Via The Guardian: WHO hails 'swift and positive response' to Zika data-sharing initiative. Excerpt:
The Zika crisis is reaching a critical point. Brazil, the epicentre of the virus, has 863 confirmed cases of infant microcephaly, or brain-virus, which scientists suspect could be caused by the Zika-carrying mosquito. 6,480 cases are under investigation, and the virus has spread across the whole of the Americas. Zika has spread across the globe too – cases have recently been reported in China.
The outbreak has affected 38 countries and territories. The disease is predominantly transmitted via mosquitoes, so in order to contain the virus, effective mosquito control measures need to be in place. The world’s biggest health organisations believe the best way to establish these are to open up data, globally.
The World Health Organisation (WHO) declared Zika to be a global health emergency while simultaneously putting out a call to share more data to stem the spread of the virus.
Dr Adam Kucharski, lecturer in infectious disease epidemiology at the London School of Hygiene & Tropical Medicine explained how we can observe the transmission of Zika and why data collection is essential: “Like most infectious diseases, we can rarely observe Zika transmission directly. Instead, we rely on data to give us a glimpse into what is really going on; and without good data, the picture will be very blurry indeed.”
Last month, leading global health bodies including the WHO, Bill and Melinda Gates Foundation, Médecins Sans Frontières, and the US National Institute of Health committed to sharing data and results relevant to the Zika crisis and future public health emergencies as openly as possible.
The WHO described the importance of data sharing as one of the “most salient lessons learned during the Ebola crisis. As the disease spread and the world mobilised to understand the virus and find medical countermeasures and other disease control interventions, much valuable knowledge was lost or action delayed because data was not shared in a timely and open manner”.

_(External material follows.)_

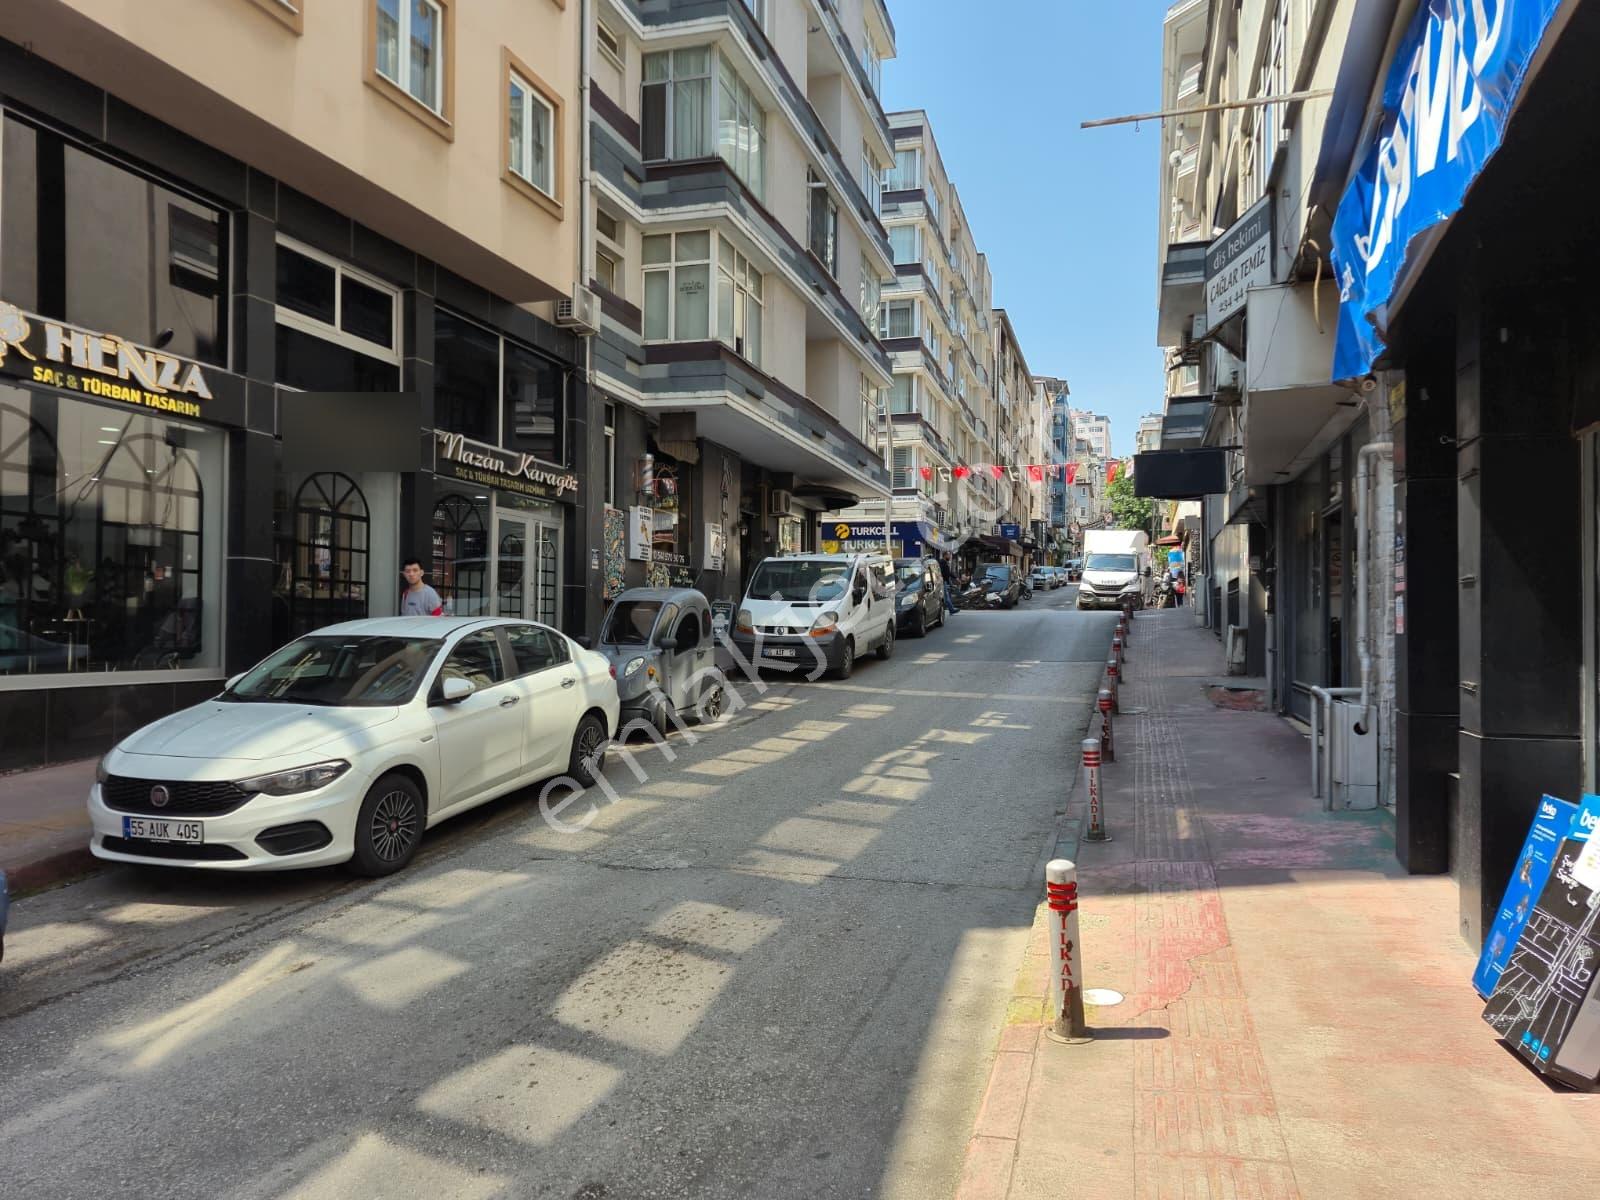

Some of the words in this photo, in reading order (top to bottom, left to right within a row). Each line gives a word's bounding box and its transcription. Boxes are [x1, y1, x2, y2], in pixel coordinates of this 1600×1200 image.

During any public health emergency, opening up data is vital, says Dr Ben Goldacre, senior clinical research fellow at the University of Oxford. It’s vital because we need to know about how disease is spread and what is working when it comes to disease prevention:
“Some of these are about infrastructure: we need systems and mechanisms in place to ensure data is shared swiftly. But a lot of it is about culture. Some countries may be reluctant to share data, because they have legitimate concerns about not getting credit for producing it, or being harmed as a result of sharing it.
“Academics and journal editors have also been part of the problem: the results of trials and epidemiological surveys are often not shared during a pandemic, and sometimes not shared at all. There have been recent moves through the WHO to try to speed this up, with positive statements from journals and others, but we’re waiting – optimistically – to see if this generates substantive change.”